/---

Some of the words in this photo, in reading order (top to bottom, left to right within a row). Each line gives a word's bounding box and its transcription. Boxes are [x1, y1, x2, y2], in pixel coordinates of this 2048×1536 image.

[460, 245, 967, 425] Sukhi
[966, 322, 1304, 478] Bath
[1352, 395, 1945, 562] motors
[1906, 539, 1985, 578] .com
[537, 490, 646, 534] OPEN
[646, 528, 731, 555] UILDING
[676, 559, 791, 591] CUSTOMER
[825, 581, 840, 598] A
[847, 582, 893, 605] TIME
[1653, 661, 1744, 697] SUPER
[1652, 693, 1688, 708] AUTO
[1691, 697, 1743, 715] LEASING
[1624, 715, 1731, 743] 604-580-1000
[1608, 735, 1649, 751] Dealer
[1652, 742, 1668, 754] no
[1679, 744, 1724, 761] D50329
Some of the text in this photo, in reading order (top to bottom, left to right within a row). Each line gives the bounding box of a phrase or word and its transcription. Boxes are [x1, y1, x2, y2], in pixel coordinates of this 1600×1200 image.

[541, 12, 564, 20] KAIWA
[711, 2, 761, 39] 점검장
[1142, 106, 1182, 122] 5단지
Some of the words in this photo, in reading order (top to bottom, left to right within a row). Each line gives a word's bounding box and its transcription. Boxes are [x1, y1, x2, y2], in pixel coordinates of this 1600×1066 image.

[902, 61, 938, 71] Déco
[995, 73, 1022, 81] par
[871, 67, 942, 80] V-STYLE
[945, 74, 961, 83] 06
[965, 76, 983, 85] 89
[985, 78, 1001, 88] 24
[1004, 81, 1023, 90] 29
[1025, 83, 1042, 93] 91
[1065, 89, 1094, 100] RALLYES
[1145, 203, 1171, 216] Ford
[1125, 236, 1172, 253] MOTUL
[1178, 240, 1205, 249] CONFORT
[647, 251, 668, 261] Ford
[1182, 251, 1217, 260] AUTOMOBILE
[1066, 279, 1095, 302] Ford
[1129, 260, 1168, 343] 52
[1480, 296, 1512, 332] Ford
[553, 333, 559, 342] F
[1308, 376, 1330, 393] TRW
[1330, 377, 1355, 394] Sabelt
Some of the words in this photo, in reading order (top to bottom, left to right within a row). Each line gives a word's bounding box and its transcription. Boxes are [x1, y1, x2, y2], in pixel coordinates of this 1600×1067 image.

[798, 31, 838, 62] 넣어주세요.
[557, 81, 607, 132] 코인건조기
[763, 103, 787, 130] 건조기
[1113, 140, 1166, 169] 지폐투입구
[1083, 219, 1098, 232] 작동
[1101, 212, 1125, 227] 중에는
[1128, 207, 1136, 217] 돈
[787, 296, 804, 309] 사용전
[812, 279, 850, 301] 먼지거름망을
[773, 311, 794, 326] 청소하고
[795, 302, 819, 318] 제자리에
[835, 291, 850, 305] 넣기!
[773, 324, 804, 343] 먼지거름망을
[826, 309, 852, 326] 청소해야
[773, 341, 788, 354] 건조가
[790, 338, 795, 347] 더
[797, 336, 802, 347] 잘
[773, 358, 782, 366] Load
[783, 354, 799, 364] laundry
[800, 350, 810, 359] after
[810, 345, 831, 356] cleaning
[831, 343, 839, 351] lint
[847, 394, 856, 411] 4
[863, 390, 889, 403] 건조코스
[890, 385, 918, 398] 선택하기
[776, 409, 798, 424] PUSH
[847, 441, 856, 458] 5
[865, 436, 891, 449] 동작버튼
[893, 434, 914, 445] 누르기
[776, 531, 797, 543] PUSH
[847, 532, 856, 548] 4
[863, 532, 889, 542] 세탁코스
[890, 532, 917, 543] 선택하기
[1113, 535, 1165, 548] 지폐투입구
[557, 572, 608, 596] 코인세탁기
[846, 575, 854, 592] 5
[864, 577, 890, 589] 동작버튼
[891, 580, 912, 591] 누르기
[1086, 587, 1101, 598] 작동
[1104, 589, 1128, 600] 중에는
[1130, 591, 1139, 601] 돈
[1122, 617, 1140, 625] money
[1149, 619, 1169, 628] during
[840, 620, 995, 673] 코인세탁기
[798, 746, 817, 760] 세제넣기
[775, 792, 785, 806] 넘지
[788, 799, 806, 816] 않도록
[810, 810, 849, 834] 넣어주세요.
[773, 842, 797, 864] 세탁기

\---

Repeat every line of the listing without a single difference.

Some of the words in this photo, in reading order (top to bottom, left to right within a row). Each line gives a word's bounding box and its transcription. Boxes are [x1, y1, x2, y2], in pixel coordinates of this 2048×1536 image.

[460, 245, 967, 425] Sukhi
[966, 322, 1304, 478] Bath
[1352, 395, 1945, 562] motors
[1906, 539, 1985, 578] .com
[537, 490, 646, 534] OPEN
[646, 528, 731, 555] UILDING
[676, 559, 791, 591] CUSTOMER
[825, 581, 840, 598] A
[847, 582, 893, 605] TIME
[1653, 661, 1744, 697] SUPER
[1652, 693, 1688, 708] AUTO
[1691, 697, 1743, 715] LEASING
[1624, 715, 1731, 743] 604-580-1000
[1608, 735, 1649, 751] Dealer
[1652, 742, 1668, 754] no
[1679, 744, 1724, 761] D50329
Some of the text in this photo, in reading order (top to bottom, left to right within a row). Each line gives the bounding box of a phrase or word and its transcription. Boxes are [x1, y1, x2, y2], in pixel coordinates of this 1600×1200 image.

[541, 12, 564, 20] KAIWA
[711, 2, 761, 39] 점검장
[1142, 106, 1182, 122] 5단지
Some of the words in this photo, in reading order (top to bottom, left to right within a row). Each line gives a word's bounding box and its transcription. Boxes are [x1, y1, x2, y2], in pixel coordinates of this 1600×1066 image.

[902, 61, 938, 71] Déco
[995, 73, 1022, 81] par
[871, 67, 942, 80] V-STYLE
[945, 74, 961, 83] 06
[965, 76, 983, 85] 89
[985, 78, 1001, 88] 24
[1004, 81, 1023, 90] 29
[1025, 83, 1042, 93] 91
[1065, 89, 1094, 100] RALLYES
[1145, 203, 1171, 216] Ford
[1125, 236, 1172, 253] MOTUL
[1178, 240, 1205, 249] CONFORT
[647, 251, 668, 261] Ford
[1182, 251, 1217, 260] AUTOMOBILE
[1066, 279, 1095, 302] Ford
[1129, 260, 1168, 343] 52
[1480, 296, 1512, 332] Ford
[553, 333, 559, 342] F
[1308, 376, 1330, 393] TRW
[1330, 377, 1355, 394] Sabelt
Some of the words in this photo, in reading order (top to bottom, left to right within a row). Each line gives a word's bounding box and its transcription. Boxes are [x1, y1, x2, y2], in pixel coordinates of this 1600×1067 image.

[798, 31, 838, 62] 넣어주세요.
[557, 81, 607, 132] 코인건조기
[763, 103, 787, 130] 건조기
[1113, 140, 1166, 169] 지폐투입구
[1083, 219, 1098, 232] 작동
[1101, 212, 1125, 227] 중에는
[1128, 207, 1136, 217] 돈
[787, 296, 804, 309] 사용전
[812, 279, 850, 301] 먼지거름망을
[773, 311, 794, 326] 청소하고
[795, 302, 819, 318] 제자리에
[835, 291, 850, 305] 넣기!
[773, 324, 804, 343] 먼지거름망을
[826, 309, 852, 326] 청소해야
[773, 341, 788, 354] 건조가
[790, 338, 795, 347] 더
[797, 336, 802, 347] 잘
[773, 358, 782, 366] Load
[783, 354, 799, 364] laundry
[800, 350, 810, 359] after
[810, 345, 831, 356] cleaning
[831, 343, 839, 351] lint
[847, 394, 856, 411] 4
[863, 390, 889, 403] 건조코스
[890, 385, 918, 398] 선택하기
[776, 409, 798, 424] PUSH
[847, 441, 856, 458] 5
[865, 436, 891, 449] 동작버튼
[893, 434, 914, 445] 누르기
[776, 531, 797, 543] PUSH
[847, 532, 856, 548] 4
[863, 532, 889, 542] 세탁코스
[890, 532, 917, 543] 선택하기
[1113, 535, 1165, 548] 지폐투입구
[557, 572, 608, 596] 코인세탁기
[846, 575, 854, 592] 5
[864, 577, 890, 589] 동작버튼
[891, 580, 912, 591] 누르기
[1086, 587, 1101, 598] 작동
[1104, 589, 1128, 600] 중에는
[1130, 591, 1139, 601] 돈
[1122, 617, 1140, 625] money
[1149, 619, 1169, 628] during
[840, 620, 995, 673] 코인세탁기
[798, 746, 817, 760] 세제넣기
[775, 792, 785, 806] 넘지
[788, 799, 806, 816] 않도록
[810, 810, 849, 834] 넣어주세요.
[773, 842, 797, 864] 세탁기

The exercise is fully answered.